## Exercise directions
Exactly as written, please repeat the data that follows, but not the pictures.

## Records to use
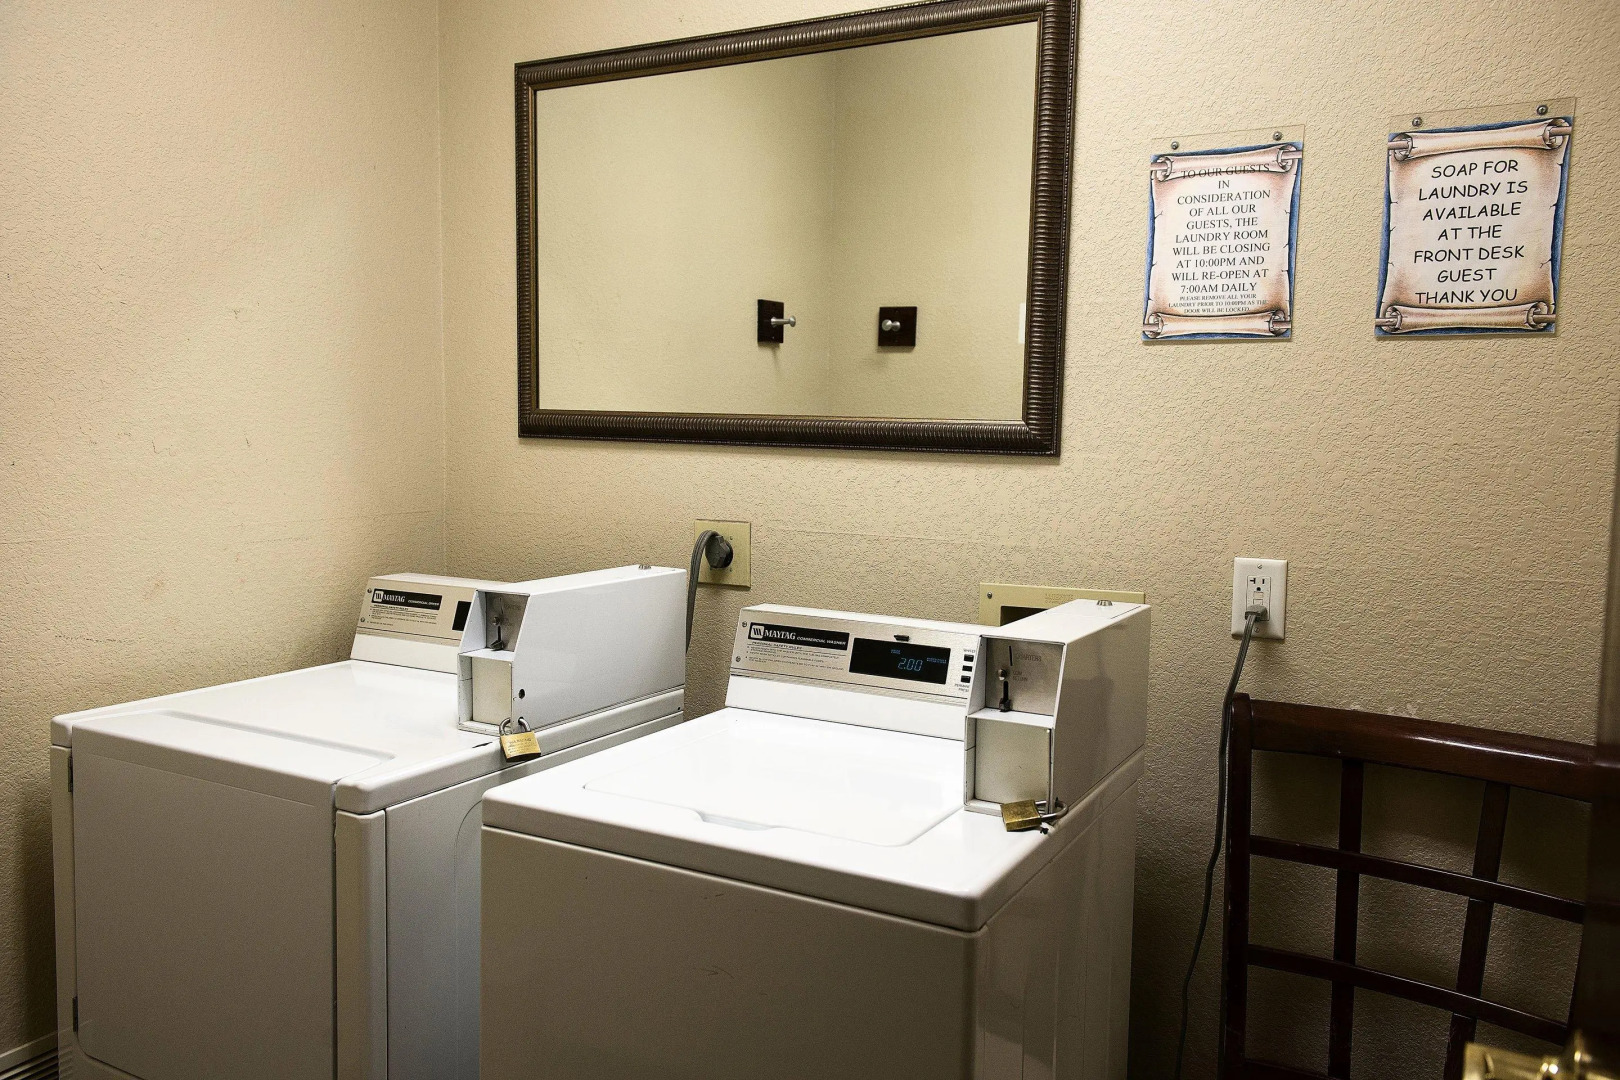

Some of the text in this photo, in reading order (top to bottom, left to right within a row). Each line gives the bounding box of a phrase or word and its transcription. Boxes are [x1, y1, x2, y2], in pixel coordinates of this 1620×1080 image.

[1181, 164, 1269, 179] TO OUR GUESTS
[1432, 160, 1518, 178] SOAP FOR
[1218, 180, 1230, 189] IN
[1418, 181, 1527, 200] LAUNDRY IS
[1177, 190, 1271, 204] CONSIDERATION
[1190, 204, 1256, 216] OF ALL OUR
[1423, 202, 1521, 220] AVAILABLE
[1187, 217, 1258, 230] GUESTS, THE
[1176, 230, 1268, 243] LAUNDRY ROOM
[1438, 224, 1502, 241] AT THE
[1173, 243, 1270, 256] WILL BE CLOSING
[1414, 245, 1524, 263] FRONT DESK
[1176, 256, 1264, 268] AT 10:00PM AND
[1172, 269, 1269, 281] WILL RE-OPEN AT
[1437, 268, 1497, 282] GUEST
[1181, 282, 1257, 293] 7:00AM DAILY
[1415, 289, 1518, 304] THANK YOU
[764, 629, 796, 640] MAYTAG
[898, 657, 923, 671] 2.00

## Response to this task
Some of the text in this photo, in reading order (top to bottom, left to right within a row). Each line gives the bounding box of a phrase or word and its transcription. Boxes are [x1, y1, x2, y2], in pixel coordinates of this 1620×1080 image.

[1181, 164, 1269, 179] TO OUR GUESTS
[1432, 160, 1518, 178] SOAP FOR
[1218, 180, 1230, 189] IN
[1418, 181, 1527, 200] LAUNDRY IS
[1177, 190, 1271, 204] CONSIDERATION
[1190, 204, 1256, 216] OF ALL OUR
[1423, 202, 1521, 220] AVAILABLE
[1187, 217, 1258, 230] GUESTS, THE
[1176, 230, 1268, 243] LAUNDRY ROOM
[1438, 224, 1502, 241] AT THE
[1173, 243, 1270, 256] WILL BE CLOSING
[1414, 245, 1524, 263] FRONT DESK
[1176, 256, 1264, 268] AT 10:00PM AND
[1172, 269, 1269, 281] WILL RE-OPEN AT
[1437, 268, 1497, 282] GUEST
[1181, 282, 1257, 293] 7:00AM DAILY
[1415, 289, 1518, 304] THANK YOU
[764, 629, 796, 640] MAYTAG
[898, 657, 923, 671] 2.00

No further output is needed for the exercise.